Une des délibérations les plus importantes qui occupèrent le parlement dans le cours de cette session, c’est celle qui se rapporte au plan présenté par le ministère pour régler définitivement le gouvernement du Canada. Cette contrée, enlevée à la France depuis plus de trente ans, avait été jusqu’alors soumise à un régime provisoire. Pitt proposa de lui donner une organisation constitutionnelle dont il établit ainsi les bases principales. Le Bas-Canada, presque exclusivement habité par les anciens colons français, et le Haut-Canada, dont les rares habitans étaient au contraire pour la plupart de race anglaise, devaient former deux provinces distinctes. Dans la première, les lois civiles que la France y avait laissées étaient maintenues, tandis que la seconde était placée sous le régime de la législation anglaise.
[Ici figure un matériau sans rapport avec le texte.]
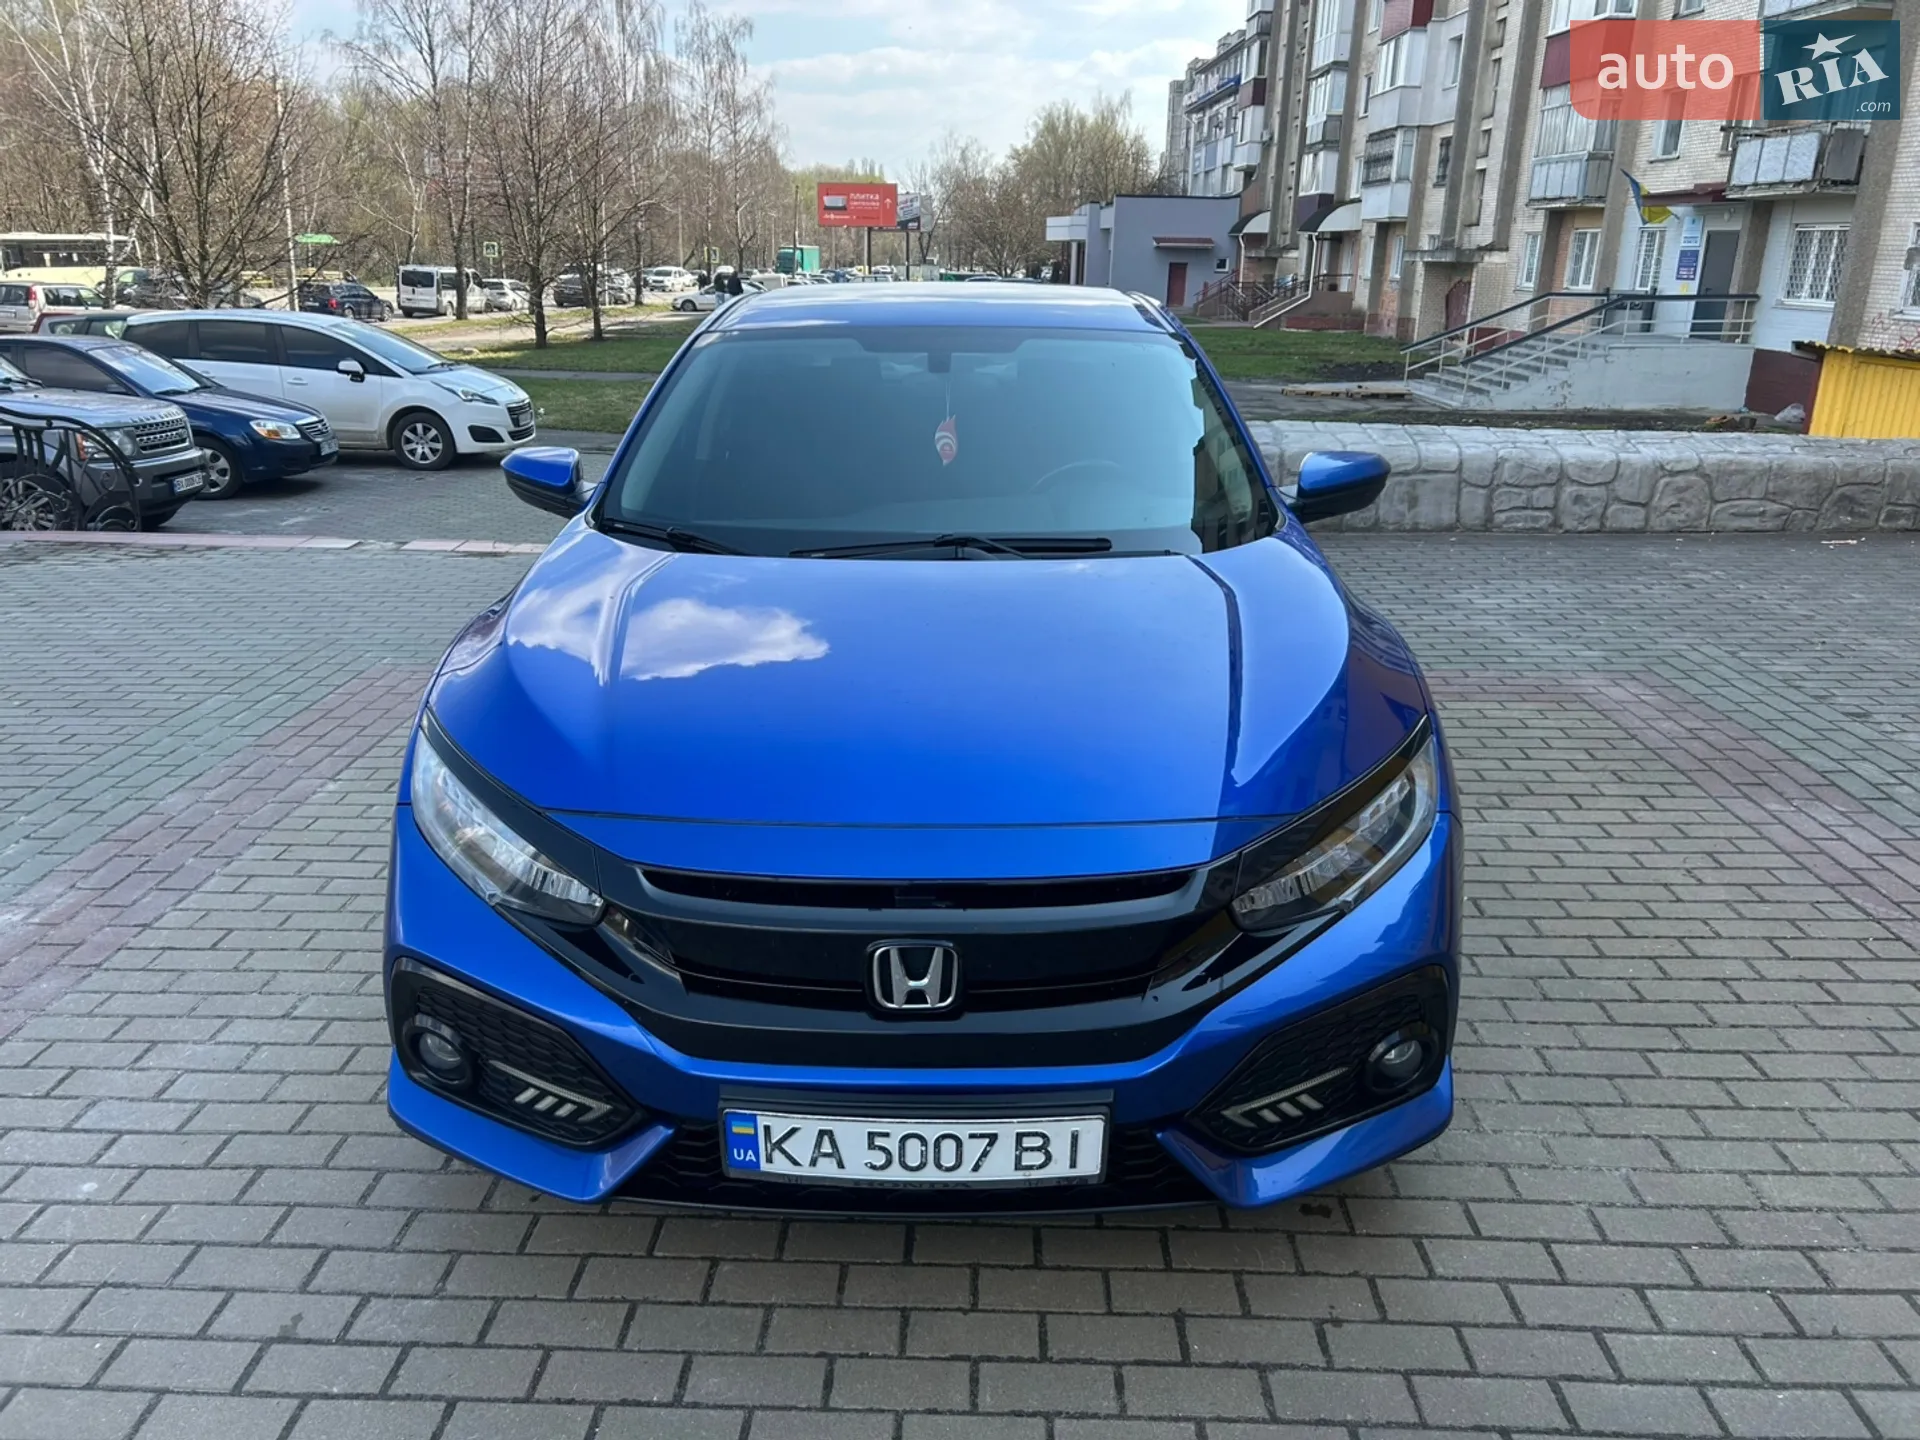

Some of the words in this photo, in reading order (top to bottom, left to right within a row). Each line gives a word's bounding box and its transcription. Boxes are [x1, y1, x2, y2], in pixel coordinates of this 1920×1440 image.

La population de l’une et de l’autre était admise à la jouissance de toutes les libertés qui caractérisent les sujets britanniques, et même à tous ceux des droits politiques qui peuvent se concilier avec la position d’une colonie. Ainsi, dans chacune des deux provinces, le pouvoir du gouverneur devait être limité par le concours d’un conseil législatif, sorte de chambre haute composée de membres nommés à vie par le roi, qui pourrait, si un jour il le jugeait à propos, les rendre héréditaires, et d’une chambre d’assemblée élue par les propriétaires.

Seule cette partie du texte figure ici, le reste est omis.